* _SUPPLIED ENTRIES_:

= = = = = = =

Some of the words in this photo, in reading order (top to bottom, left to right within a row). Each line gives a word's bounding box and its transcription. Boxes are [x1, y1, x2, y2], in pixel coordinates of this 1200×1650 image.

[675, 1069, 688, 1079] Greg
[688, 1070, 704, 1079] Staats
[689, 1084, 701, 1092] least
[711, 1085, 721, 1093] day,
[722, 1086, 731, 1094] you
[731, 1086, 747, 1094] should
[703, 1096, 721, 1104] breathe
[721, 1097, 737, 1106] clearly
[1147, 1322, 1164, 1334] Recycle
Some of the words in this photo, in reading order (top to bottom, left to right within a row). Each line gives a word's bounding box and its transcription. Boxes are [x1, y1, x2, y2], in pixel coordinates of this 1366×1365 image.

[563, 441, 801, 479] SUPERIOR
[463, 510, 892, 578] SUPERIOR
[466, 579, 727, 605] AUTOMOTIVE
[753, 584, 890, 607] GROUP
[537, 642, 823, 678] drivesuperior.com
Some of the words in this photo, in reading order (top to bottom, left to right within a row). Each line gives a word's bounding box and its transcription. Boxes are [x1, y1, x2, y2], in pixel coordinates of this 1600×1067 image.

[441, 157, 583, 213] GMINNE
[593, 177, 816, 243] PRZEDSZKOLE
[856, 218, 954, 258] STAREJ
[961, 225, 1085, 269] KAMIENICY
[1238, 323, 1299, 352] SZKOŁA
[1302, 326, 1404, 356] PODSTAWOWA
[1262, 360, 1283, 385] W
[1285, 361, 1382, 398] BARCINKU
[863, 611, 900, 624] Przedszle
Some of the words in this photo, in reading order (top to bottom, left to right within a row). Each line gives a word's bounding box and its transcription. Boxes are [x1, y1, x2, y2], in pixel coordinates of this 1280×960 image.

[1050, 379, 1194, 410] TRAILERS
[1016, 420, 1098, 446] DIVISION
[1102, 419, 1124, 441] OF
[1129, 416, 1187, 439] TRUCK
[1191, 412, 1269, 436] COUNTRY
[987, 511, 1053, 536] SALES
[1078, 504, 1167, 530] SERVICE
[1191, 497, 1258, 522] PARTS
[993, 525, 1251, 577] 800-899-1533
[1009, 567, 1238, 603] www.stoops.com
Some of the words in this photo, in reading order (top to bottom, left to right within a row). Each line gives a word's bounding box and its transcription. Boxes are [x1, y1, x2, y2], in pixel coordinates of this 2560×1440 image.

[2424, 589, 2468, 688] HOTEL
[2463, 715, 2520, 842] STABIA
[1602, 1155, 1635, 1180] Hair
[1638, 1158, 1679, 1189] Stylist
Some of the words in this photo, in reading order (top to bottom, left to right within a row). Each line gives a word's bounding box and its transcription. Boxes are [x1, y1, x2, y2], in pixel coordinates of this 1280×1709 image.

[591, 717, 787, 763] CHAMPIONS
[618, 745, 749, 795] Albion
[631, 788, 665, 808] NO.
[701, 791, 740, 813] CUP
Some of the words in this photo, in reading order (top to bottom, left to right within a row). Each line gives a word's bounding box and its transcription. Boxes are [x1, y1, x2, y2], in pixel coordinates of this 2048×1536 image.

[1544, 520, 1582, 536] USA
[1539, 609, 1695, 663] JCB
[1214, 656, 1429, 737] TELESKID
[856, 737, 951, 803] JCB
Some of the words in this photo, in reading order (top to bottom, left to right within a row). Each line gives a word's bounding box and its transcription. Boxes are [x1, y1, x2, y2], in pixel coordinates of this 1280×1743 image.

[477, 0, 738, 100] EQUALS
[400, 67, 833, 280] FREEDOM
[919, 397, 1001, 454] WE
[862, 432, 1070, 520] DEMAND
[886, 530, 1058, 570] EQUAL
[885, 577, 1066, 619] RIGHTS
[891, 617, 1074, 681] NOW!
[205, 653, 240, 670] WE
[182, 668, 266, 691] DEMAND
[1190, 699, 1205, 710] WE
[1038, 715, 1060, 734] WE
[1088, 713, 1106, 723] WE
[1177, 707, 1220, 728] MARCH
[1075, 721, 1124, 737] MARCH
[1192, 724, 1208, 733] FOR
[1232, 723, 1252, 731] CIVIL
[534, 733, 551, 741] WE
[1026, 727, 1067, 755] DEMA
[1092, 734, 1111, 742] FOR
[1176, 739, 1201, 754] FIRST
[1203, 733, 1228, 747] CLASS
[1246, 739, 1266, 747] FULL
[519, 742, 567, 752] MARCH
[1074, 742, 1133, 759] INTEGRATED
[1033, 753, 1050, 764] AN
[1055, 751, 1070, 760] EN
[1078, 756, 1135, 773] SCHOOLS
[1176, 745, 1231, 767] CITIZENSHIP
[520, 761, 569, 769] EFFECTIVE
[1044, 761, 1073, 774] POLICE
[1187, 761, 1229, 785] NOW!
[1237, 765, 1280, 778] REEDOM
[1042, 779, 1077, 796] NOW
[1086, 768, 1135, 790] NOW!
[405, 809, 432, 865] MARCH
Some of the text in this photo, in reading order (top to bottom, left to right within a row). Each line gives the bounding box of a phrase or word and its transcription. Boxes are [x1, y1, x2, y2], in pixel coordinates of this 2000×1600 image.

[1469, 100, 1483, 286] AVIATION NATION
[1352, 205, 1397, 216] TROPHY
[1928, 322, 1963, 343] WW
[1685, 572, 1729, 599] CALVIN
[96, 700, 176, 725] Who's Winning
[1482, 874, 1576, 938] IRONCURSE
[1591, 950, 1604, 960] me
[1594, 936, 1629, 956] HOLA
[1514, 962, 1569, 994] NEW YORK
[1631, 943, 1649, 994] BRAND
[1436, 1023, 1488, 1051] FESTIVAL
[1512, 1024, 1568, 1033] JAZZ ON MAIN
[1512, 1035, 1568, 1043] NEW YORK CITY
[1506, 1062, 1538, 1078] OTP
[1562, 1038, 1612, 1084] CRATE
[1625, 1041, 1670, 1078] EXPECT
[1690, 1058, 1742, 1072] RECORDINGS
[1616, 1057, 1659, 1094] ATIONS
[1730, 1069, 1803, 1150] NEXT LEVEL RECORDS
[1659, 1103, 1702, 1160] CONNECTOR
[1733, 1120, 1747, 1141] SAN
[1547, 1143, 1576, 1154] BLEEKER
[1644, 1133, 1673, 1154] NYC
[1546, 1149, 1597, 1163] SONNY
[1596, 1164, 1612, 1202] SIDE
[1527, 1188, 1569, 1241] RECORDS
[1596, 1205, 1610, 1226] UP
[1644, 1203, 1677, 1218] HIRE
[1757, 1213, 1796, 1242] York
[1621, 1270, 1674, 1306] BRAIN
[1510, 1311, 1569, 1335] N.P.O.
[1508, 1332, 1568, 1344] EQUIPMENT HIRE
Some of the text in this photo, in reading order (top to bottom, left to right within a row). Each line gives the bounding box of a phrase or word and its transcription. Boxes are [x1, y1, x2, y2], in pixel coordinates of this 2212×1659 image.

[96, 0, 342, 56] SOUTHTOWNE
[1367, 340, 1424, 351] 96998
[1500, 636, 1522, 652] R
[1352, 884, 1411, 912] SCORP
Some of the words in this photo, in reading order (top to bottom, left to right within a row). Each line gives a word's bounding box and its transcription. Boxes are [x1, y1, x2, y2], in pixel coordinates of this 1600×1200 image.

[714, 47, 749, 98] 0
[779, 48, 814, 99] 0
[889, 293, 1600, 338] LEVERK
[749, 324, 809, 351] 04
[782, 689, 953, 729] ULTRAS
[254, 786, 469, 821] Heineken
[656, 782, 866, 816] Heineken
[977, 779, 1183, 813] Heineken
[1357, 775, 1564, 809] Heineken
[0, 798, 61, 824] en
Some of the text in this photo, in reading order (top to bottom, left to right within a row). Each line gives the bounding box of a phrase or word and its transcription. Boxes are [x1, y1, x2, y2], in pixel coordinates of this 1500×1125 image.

= = = = = = =

What you return should match every line above exactly.

* _RESULT BELOW_:
Some of the words in this photo, in reading order (top to bottom, left to right within a row). Each line gives a word's bounding box and its transcription. Boxes are [x1, y1, x2, y2], in pixel coordinates of this 1200×1650 image.

[675, 1069, 688, 1079] Greg
[688, 1070, 704, 1079] Staats
[689, 1084, 701, 1092] least
[711, 1085, 721, 1093] day,
[722, 1086, 731, 1094] you
[731, 1086, 747, 1094] should
[703, 1096, 721, 1104] breathe
[721, 1097, 737, 1106] clearly
[1147, 1322, 1164, 1334] Recycle
Some of the words in this photo, in reading order (top to bottom, left to right within a row). Each line gives a word's bounding box and its transcription. Boxes are [x1, y1, x2, y2], in pixel coordinates of this 1366×1365 image.

[563, 441, 801, 479] SUPERIOR
[463, 510, 892, 578] SUPERIOR
[466, 579, 727, 605] AUTOMOTIVE
[753, 584, 890, 607] GROUP
[537, 642, 823, 678] drivesuperior.com
Some of the words in this photo, in reading order (top to bottom, left to right within a row). Each line gives a word's bounding box and its transcription. Boxes are [x1, y1, x2, y2], in pixel coordinates of this 1600×1067 image.

[441, 157, 583, 213] GMINNE
[593, 177, 816, 243] PRZEDSZKOLE
[856, 218, 954, 258] STAREJ
[961, 225, 1085, 269] KAMIENICY
[1238, 323, 1299, 352] SZKOŁA
[1302, 326, 1404, 356] PODSTAWOWA
[1262, 360, 1283, 385] W
[1285, 361, 1382, 398] BARCINKU
[863, 611, 900, 624] Przedszle
Some of the words in this photo, in reading order (top to bottom, left to right within a row). Each line gives a word's bounding box and its transcription. Boxes are [x1, y1, x2, y2], in pixel coordinates of this 1280×960 image.

[1050, 379, 1194, 410] TRAILERS
[1016, 420, 1098, 446] DIVISION
[1102, 419, 1124, 441] OF
[1129, 416, 1187, 439] TRUCK
[1191, 412, 1269, 436] COUNTRY
[987, 511, 1053, 536] SALES
[1078, 504, 1167, 530] SERVICE
[1191, 497, 1258, 522] PARTS
[993, 525, 1251, 577] 800-899-1533
[1009, 567, 1238, 603] www.stoops.com
Some of the words in this photo, in reading order (top to bottom, left to right within a row). Each line gives a word's bounding box and its transcription. Boxes are [x1, y1, x2, y2], in pixel coordinates of this 2560×1440 image.

[2424, 589, 2468, 688] HOTEL
[2463, 715, 2520, 842] STABIA
[1602, 1155, 1635, 1180] Hair
[1638, 1158, 1679, 1189] Stylist
Some of the words in this photo, in reading order (top to bottom, left to right within a row). Each line gives a word's bounding box and its transcription. Boxes are [x1, y1, x2, y2], in pixel coordinates of this 1280×1709 image.

[591, 717, 787, 763] CHAMPIONS
[618, 745, 749, 795] Albion
[631, 788, 665, 808] NO.
[701, 791, 740, 813] CUP
Some of the words in this photo, in reading order (top to bottom, left to right within a row). Each line gives a word's bounding box and its transcription. Boxes are [x1, y1, x2, y2], in pixel coordinates of this 2048×1536 image.

[1544, 520, 1582, 536] USA
[1539, 609, 1695, 663] JCB
[1214, 656, 1429, 737] TELESKID
[856, 737, 951, 803] JCB
Some of the words in this photo, in reading order (top to bottom, left to right within a row). Each line gives a word's bounding box and its transcription. Boxes are [x1, y1, x2, y2], in pixel coordinates of this 1280×1743 image.

[477, 0, 738, 100] EQUALS
[400, 67, 833, 280] FREEDOM
[919, 397, 1001, 454] WE
[862, 432, 1070, 520] DEMAND
[886, 530, 1058, 570] EQUAL
[885, 577, 1066, 619] RIGHTS
[891, 617, 1074, 681] NOW!
[205, 653, 240, 670] WE
[182, 668, 266, 691] DEMAND
[1190, 699, 1205, 710] WE
[1038, 715, 1060, 734] WE
[1088, 713, 1106, 723] WE
[1177, 707, 1220, 728] MARCH
[1075, 721, 1124, 737] MARCH
[1192, 724, 1208, 733] FOR
[1232, 723, 1252, 731] CIVIL
[534, 733, 551, 741] WE
[1026, 727, 1067, 755] DEMA
[1092, 734, 1111, 742] FOR
[1176, 739, 1201, 754] FIRST
[1203, 733, 1228, 747] CLASS
[1246, 739, 1266, 747] FULL
[519, 742, 567, 752] MARCH
[1074, 742, 1133, 759] INTEGRATED
[1033, 753, 1050, 764] AN
[1055, 751, 1070, 760] EN
[1078, 756, 1135, 773] SCHOOLS
[1176, 745, 1231, 767] CITIZENSHIP
[520, 761, 569, 769] EFFECTIVE
[1044, 761, 1073, 774] POLICE
[1187, 761, 1229, 785] NOW!
[1237, 765, 1280, 778] REEDOM
[1042, 779, 1077, 796] NOW
[1086, 768, 1135, 790] NOW!
[405, 809, 432, 865] MARCH
Some of the text in this photo, in reading order (top to bottom, left to right within a row). Each line gives the bounding box of a phrase or word and its transcription. Boxes are [x1, y1, x2, y2], in pixel coordinates of this 2000×1600 image.

[1469, 100, 1483, 286] AVIATION NATION
[1352, 205, 1397, 216] TROPHY
[1928, 322, 1963, 343] WW
[1685, 572, 1729, 599] CALVIN
[96, 700, 176, 725] Who's Winning
[1482, 874, 1576, 938] IRONCURSE
[1591, 950, 1604, 960] me
[1594, 936, 1629, 956] HOLA
[1514, 962, 1569, 994] NEW YORK
[1631, 943, 1649, 994] BRAND
[1436, 1023, 1488, 1051] FESTIVAL
[1512, 1024, 1568, 1033] JAZZ ON MAIN
[1512, 1035, 1568, 1043] NEW YORK CITY
[1506, 1062, 1538, 1078] OTP
[1562, 1038, 1612, 1084] CRATE
[1625, 1041, 1670, 1078] EXPECT
[1690, 1058, 1742, 1072] RECORDINGS
[1616, 1057, 1659, 1094] ATIONS
[1730, 1069, 1803, 1150] NEXT LEVEL RECORDS
[1659, 1103, 1702, 1160] CONNECTOR
[1733, 1120, 1747, 1141] SAN
[1547, 1143, 1576, 1154] BLEEKER
[1644, 1133, 1673, 1154] NYC
[1546, 1149, 1597, 1163] SONNY
[1596, 1164, 1612, 1202] SIDE
[1527, 1188, 1569, 1241] RECORDS
[1596, 1205, 1610, 1226] UP
[1644, 1203, 1677, 1218] HIRE
[1757, 1213, 1796, 1242] York
[1621, 1270, 1674, 1306] BRAIN
[1510, 1311, 1569, 1335] N.P.O.
[1508, 1332, 1568, 1344] EQUIPMENT HIRE
Some of the text in this photo, in reading order (top to bottom, left to right within a row). Each line gives the bounding box of a phrase or word and its transcription. Boxes are [x1, y1, x2, y2], in pixel coordinates of this 2212×1659 image.

[96, 0, 342, 56] SOUTHTOWNE
[1367, 340, 1424, 351] 96998
[1500, 636, 1522, 652] R
[1352, 884, 1411, 912] SCORP
Some of the words in this photo, in reading order (top to bottom, left to right within a row). Each line gives a word's bounding box and its transcription. Boxes are [x1, y1, x2, y2], in pixel coordinates of this 1600×1200 image.

[714, 47, 749, 98] 0
[779, 48, 814, 99] 0
[889, 293, 1600, 338] LEVERK
[749, 324, 809, 351] 04
[782, 689, 953, 729] ULTRAS
[254, 786, 469, 821] Heineken
[656, 782, 866, 816] Heineken
[977, 779, 1183, 813] Heineken
[1357, 775, 1564, 809] Heineken
[0, 798, 61, 824] en
Some of the text in this photo, in reading order (top to bottom, left to right within a row). Each line gives the bounding box of a phrase or word and its transcription. Boxes are [x1, y1, x2, y2], in pixel coordinates of this 1500×1125 image.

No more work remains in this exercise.